Como monitor tem fonte com fator de potência de uns 0,8, os 20W do monitor viram 25VA (25 * 0,8 = 20W). O fator de potência das fontes ATX comuns será uns 0,5 (Ninguém mandou comprar fonte de R$ 50! Se quer fator de potência alta compre fonte boa de R$ 250 pra cima, mas nada de fonte gamer pintada, precisa fonte com selo 80plus e coisas assim, foco em selos, não em potência pra enganar noob (Gamers são fáceis demais de enganar)), esses 40-60W do gabinete podem ser 80-120VA! 

Daria então 105 a 145VA de consumo.

No modo inversor os nobreak tem rendimento sempre ruim, geralmente 80%, poucos chegam a 85%. Vou fazer a conta com 85% porque é o comum nalguns nobreaks NOVOS hoje. 
131VA * 80% = ~105VA
181VA * 80% = ~145VA.

Logo, o consumo do nobreak em 12V, saindo da bateria, será 131-181VA.

15 minutos é 1/4 de hora, e 1/4 de 131-181VA é 33-45VA. Ou seja, a bateria precisa disponibilizar então uns 45VA na prática.

Bateria 12V 7Ah tem 12*7=84VA. Só que... ela tem isso em C20, na descarga em 20 horas. Se fizer a descarga em 1h ela tem só uns 4,5Ah, tá na ficha técnica delas, aqui um exemplo, veja a diferença pequena entre C20 e C10 (10 horas), e como cai muito em C1:


Não tenho nenhum gráfico mostrando comparativamente como fica em C0,25 (25% de 1h é 15 minutos) mas já antecipo que dá só uns 4Ah! E 4*12=48VA.

Ou seja, um nobreak que tiver bateria de 7Ah, e tiver rendimento decente de 85%, vai aguentar 15 minutos. TANTO FAZ ser um nobreak de 600VA, de 1200VA, ou de 100000VA, o tempo que ele vai ficar ligado depende de quanta energia tem na bateria e do seu rendimento!

Só que... isso implica em descarregar a bateria, e bateria *de chumbo* não foi feita pra descarga completa seguidas vezes, pra descarregar todo dia tem que usar lithium, igual smartphones, celulares, notebooks e tablets.
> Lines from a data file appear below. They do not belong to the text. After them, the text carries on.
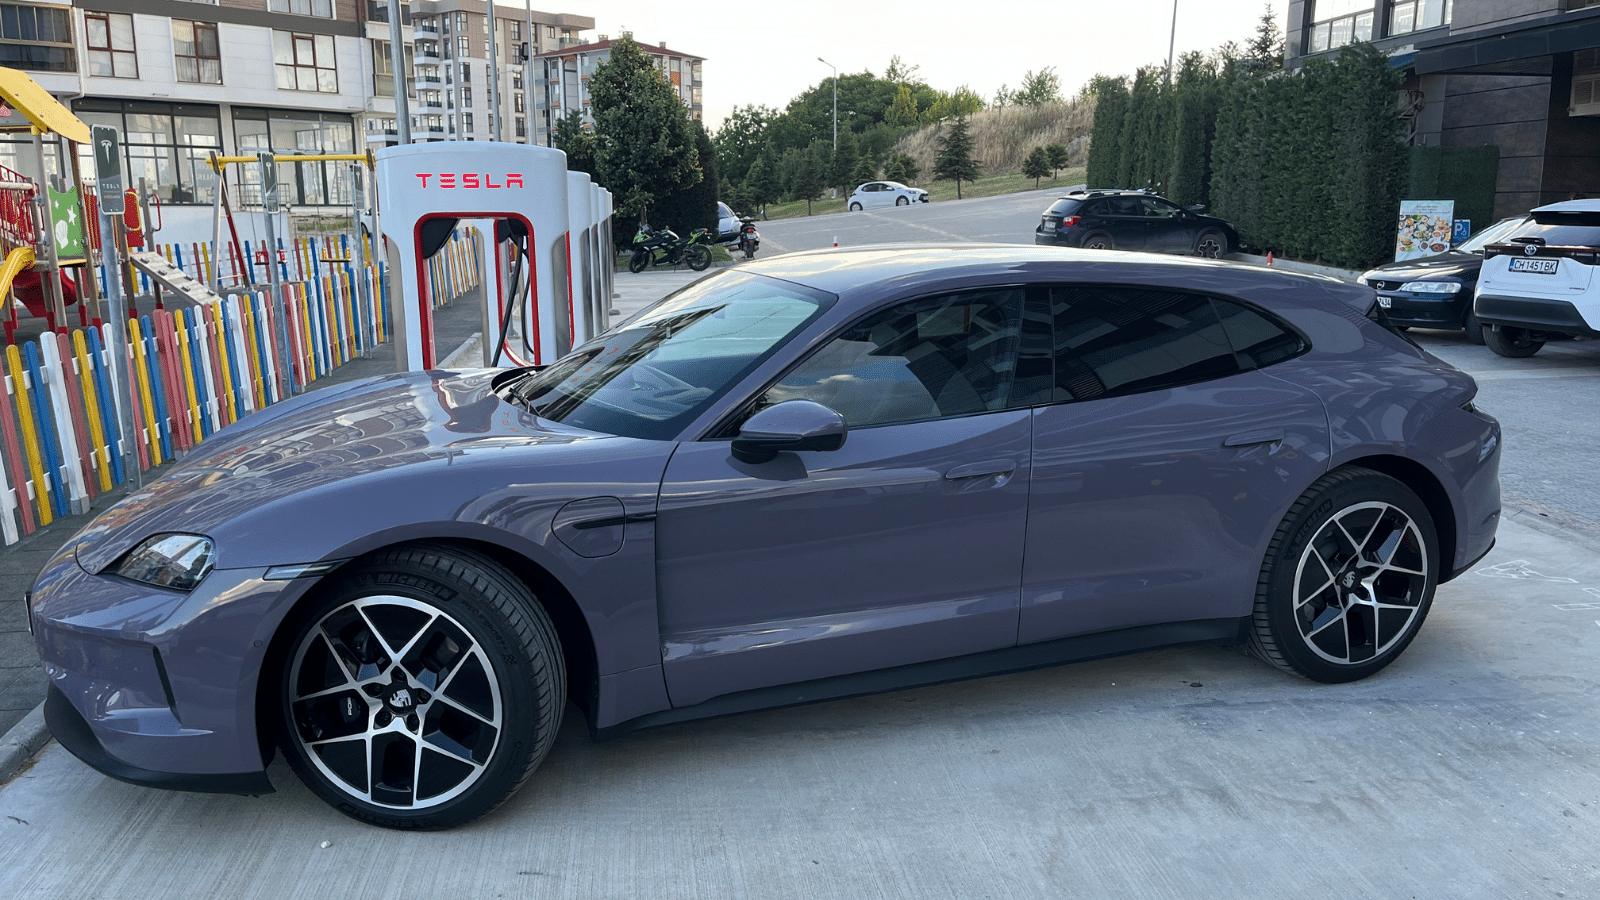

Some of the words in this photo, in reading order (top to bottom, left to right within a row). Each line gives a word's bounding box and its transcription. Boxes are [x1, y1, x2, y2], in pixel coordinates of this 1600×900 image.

[415, 173, 523, 189] TESLA
[1454, 222, 1463, 236] P
[1514, 260, 1524, 270] CH
[1526, 261, 1544, 271] 1451
[1544, 262, 1556, 272] BK
[377, 573, 452, 600] MICHELIN
Se descarregar essas baterias toda semana assim, um blackout por semana, em meio ano vai ter comido uns 25 ciclos profundos e o nobreak vai aguentar só uns 12 minutos, mais meio ano com mais 25 ciclos comidos (O ano tem 52 semanas, 1 blackout por semana comeria 52 ciclos de descarga profunda então) e a bateria duraria só uns 5 minutos, aí já vai ter que trocar.
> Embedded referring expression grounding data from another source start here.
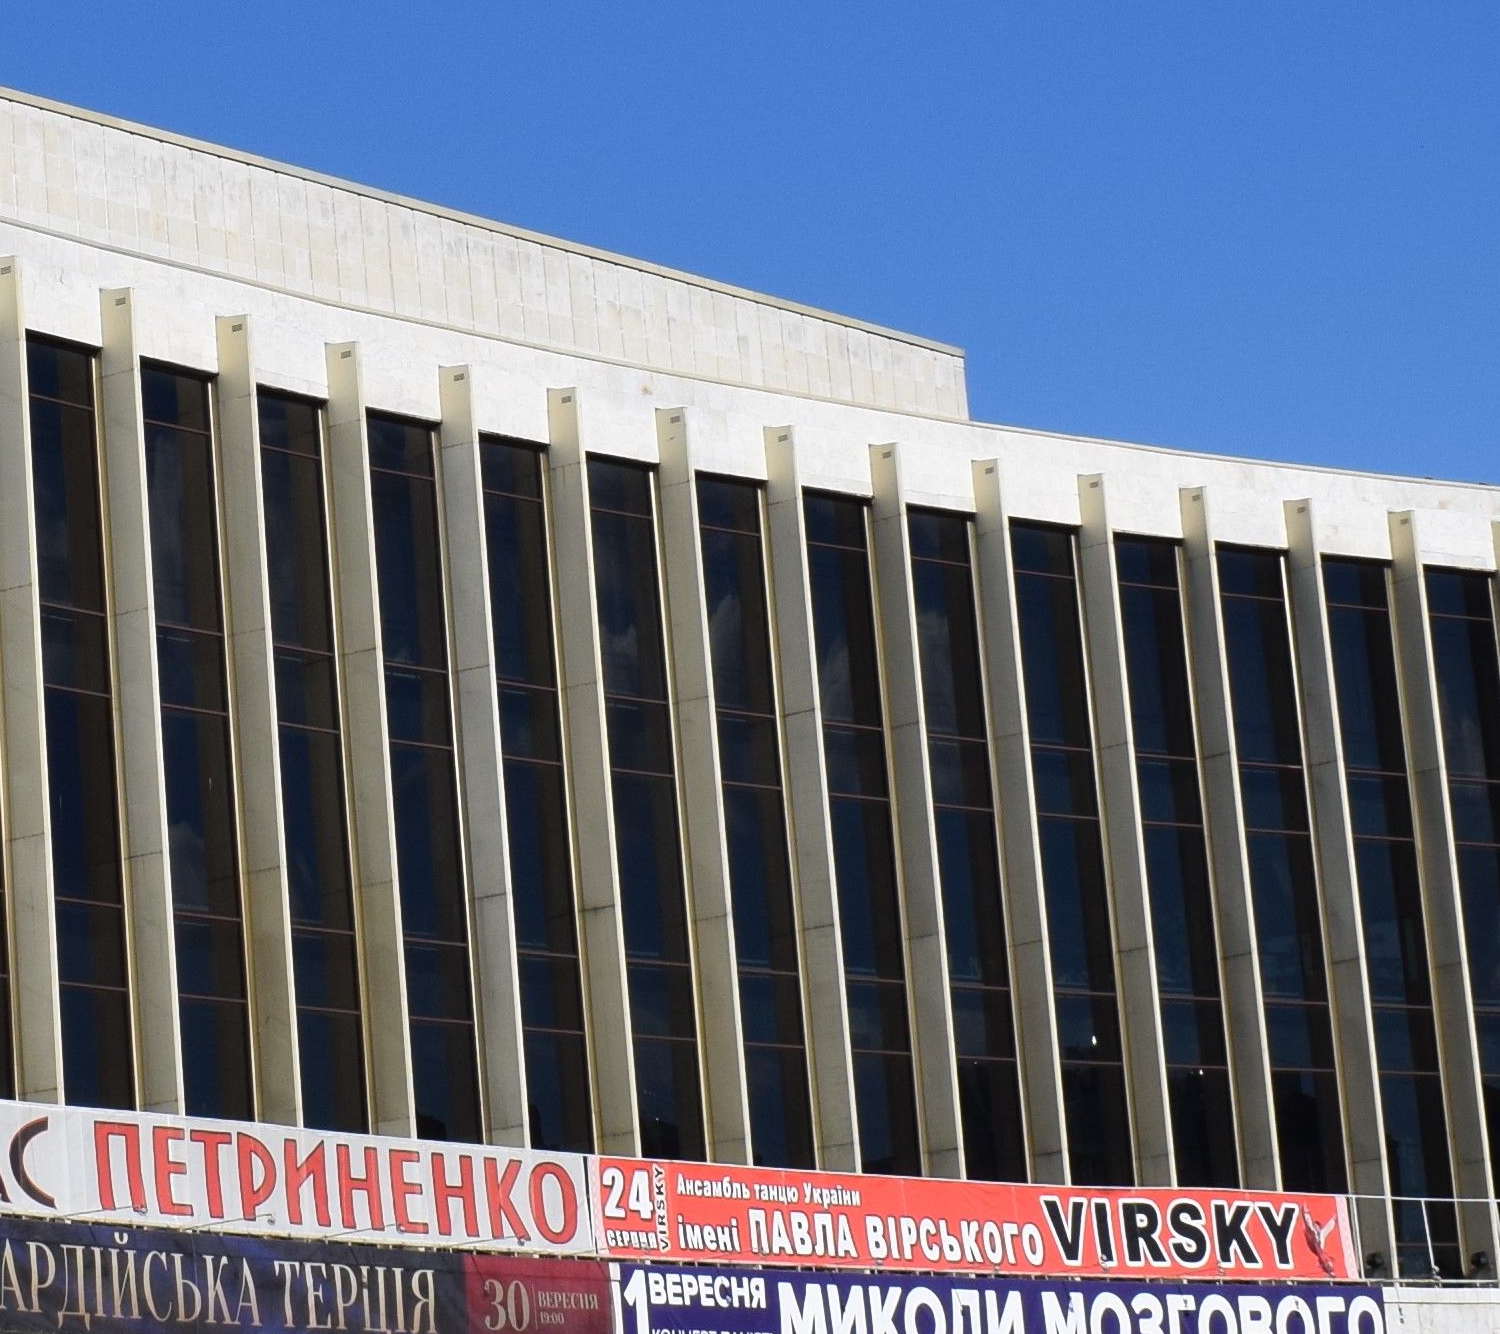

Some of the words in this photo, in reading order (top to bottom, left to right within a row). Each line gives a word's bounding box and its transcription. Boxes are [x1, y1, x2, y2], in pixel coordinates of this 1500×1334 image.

[94, 1120, 579, 1245] ПЕТРИНЕНКО
[602, 1167, 654, 1219] 24
[653, 1164, 670, 1252] VIRSKY
[676, 1173, 750, 1200] Ансамбль
[754, 1183, 799, 1205] танцю
[803, 1182, 862, 1209] України
[606, 1229, 658, 1250] СЕРПНЯ
[677, 1214, 741, 1252] імені
[748, 1208, 859, 1258] ПАВЛА
[865, 1214, 1045, 1267] ВІРСЬКОГО
[1038, 1194, 1301, 1271] VIRSKY
[484, 1279, 530, 1332] 30
[537, 1290, 599, 1310] ВЕРЕСНЯ
[648, 1272, 767, 1309] ВЕРЕСНЯ
Então se tem muito blackout, esquece bateria pequena, vai ter que achar nobreak com 10Ah em baterias ou mais!

Sendo prático, os Ragtech de 600Va tem bateria de só 5Ah, se NEM uma bateria de 7Ah dá muito mais que 15 minutos, então uma de 5Ah é completamente insuficiente, não compre então:
https://www.gigantec.com.br/nobreak-...-ti-black.html

Os TSShara MINI de 500-600VA também tem só bateria de 5Ah:
http://tsshara.com.br/ups-mini/

Mas... os TSShara COMPACT tem bateria de 7Ah:
http://tsshara.com.br/wp-content/upl...ompact-PRO.pdf

Logo, esse é um dos que serve:
https://www.americanas.com.br/produt...ts-shara-preto

Só que o rendimento do inversor não é bem 85%, fala >80% (Mais que 80%), e só fica acima dos 85% quando o consumo é baixo, ou seja, só se for uso doméstico MESMO, navegação, videos e coisas simples assim.
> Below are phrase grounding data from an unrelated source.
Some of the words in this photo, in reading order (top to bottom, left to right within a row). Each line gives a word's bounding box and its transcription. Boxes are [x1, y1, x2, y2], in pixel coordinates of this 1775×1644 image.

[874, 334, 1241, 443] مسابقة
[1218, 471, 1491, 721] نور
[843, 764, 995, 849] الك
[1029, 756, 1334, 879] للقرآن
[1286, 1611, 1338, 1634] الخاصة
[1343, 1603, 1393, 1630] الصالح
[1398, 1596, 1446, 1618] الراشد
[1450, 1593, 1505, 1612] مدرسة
Se prefere SMS, os Station II de 600VA também tem bateria interna de 7Ah:
https://www.atera.com.br/produto/SMS...a%C3%ADda+115V

A Lacerda tá com a linha New Orion bastante barata, mas putz... a bateria é minúscula, 4,5Ah, não dá nem 8 minutos talvez:
https://www.americanas.com.br/produt...115v-3-tomadas

O de 600VA mini III da NHS tem bateria de 7Ah então também serve:
https://www.magazineluiza.com.br/nob...28533/ia/ianb/



Se quiser colocar 2 conjuntos desse num mesmo nobreak, não é questão de potência do nobreak, e sim de achar um com 2 baterias de 7Ah dentro, e mesmo muito nobreak de 1400VA tem 2 baterias de 5Ah dentro apenas. Ou parte logo pra um nobreak 3KVA com bateria externa de 45Ah e liga meia duzia de desktops, ou bota um nobreakzinho barato com bateria de 7Ah pra cada desktop.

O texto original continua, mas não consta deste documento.